Convenção do BE. O PS "vai lançar-se ao Rio?"

José Gusmão diz que o PS "já mostra sinais de arrogância e hostiliza os parceiros"

Foi uma intervenção crítica do PS do princípio ao fim. Apontando a solução política desta legislatura como um "facto novo na nossa democracia", José Gusmão, dirigente do Bloco de Esquerda, subiu ao palco da XI Convenção do partido para questionar a "natureza dessa mudança" para o PS. "Será que rompeu com as políticas de alianças com a direita?" Ou será que a geringonça foi "uma espécie de parêntesis incómodo para chegar ao poder e a que porá fim na primeira oportunidade que tiver", perguntou o bloquista, questionando se os socialistas querem manter-se alinhados à esquerda ou "lançar-se ao Rio", leia-se virar à direita.
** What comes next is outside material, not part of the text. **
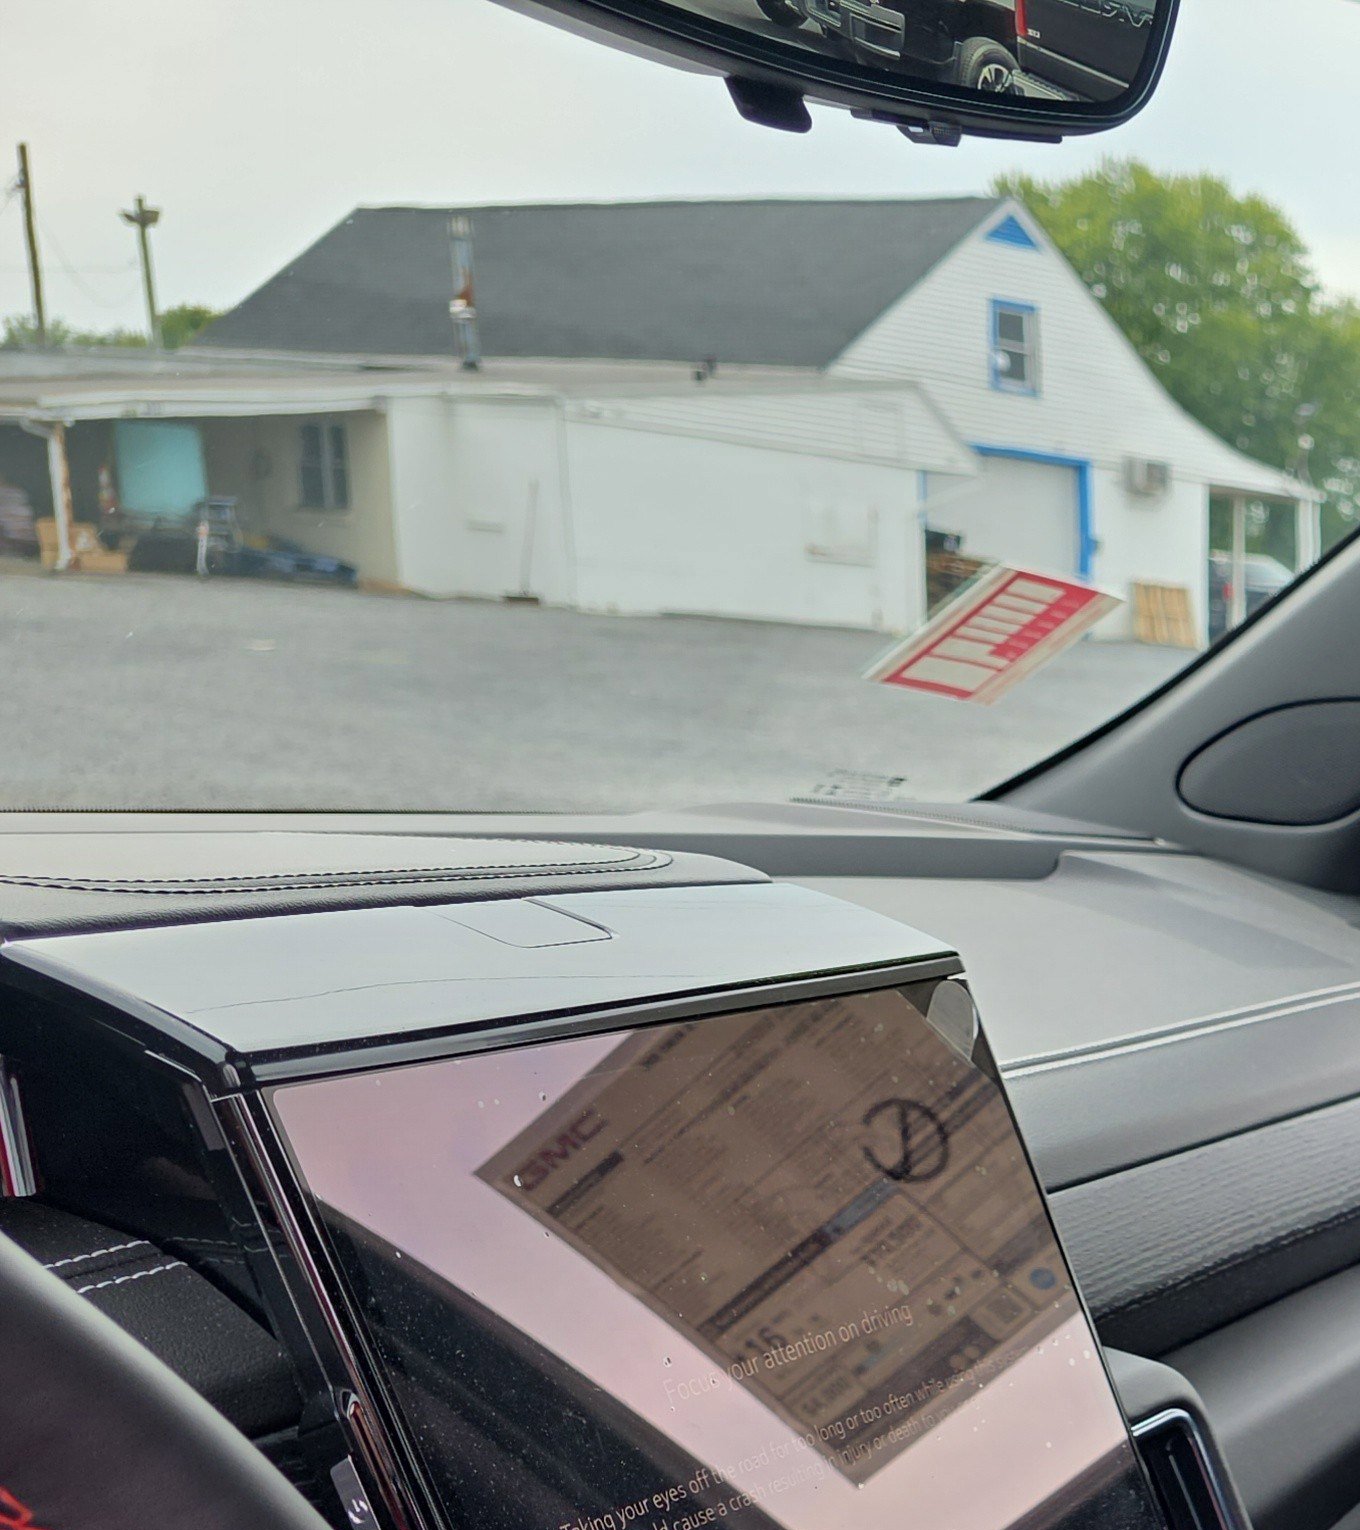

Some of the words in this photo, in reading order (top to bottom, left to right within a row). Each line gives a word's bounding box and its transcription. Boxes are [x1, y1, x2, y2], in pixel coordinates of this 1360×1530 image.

José Gusmão sustenta que, se António Costa ainda não deu resposta a esta pergunta, Augusto Santos Silva, o "ideólogo" do governo, já se encarregou de o fazer. "A clareza de Augusto Santos Silva deve ser respeitada: o legado da terceira via de que o PS deve ser portador é inequívoco", afirmou, acrescentando que "o homem que adorava malhar na esquerda quer voltar a fazer o que mais gosta".

Para José Gusmão o PS é "um partido que já mostra sinais de arrogância e hostiliza os parceiros quando ainda tem maioria relativa", o que deixa adivinhar o que será se tiver maioria absoluta. O bloquista avançou com uma solução para isso: "Quem acha que o novo caminho só peca por escasso tem a opção de dar mais força à esquerda que impôs esse caminho". E garante que os bloquistas estão preparados para a responsabilidade: "Estamos prontos para o que é preciso, para o que é urgente, estamos prontos".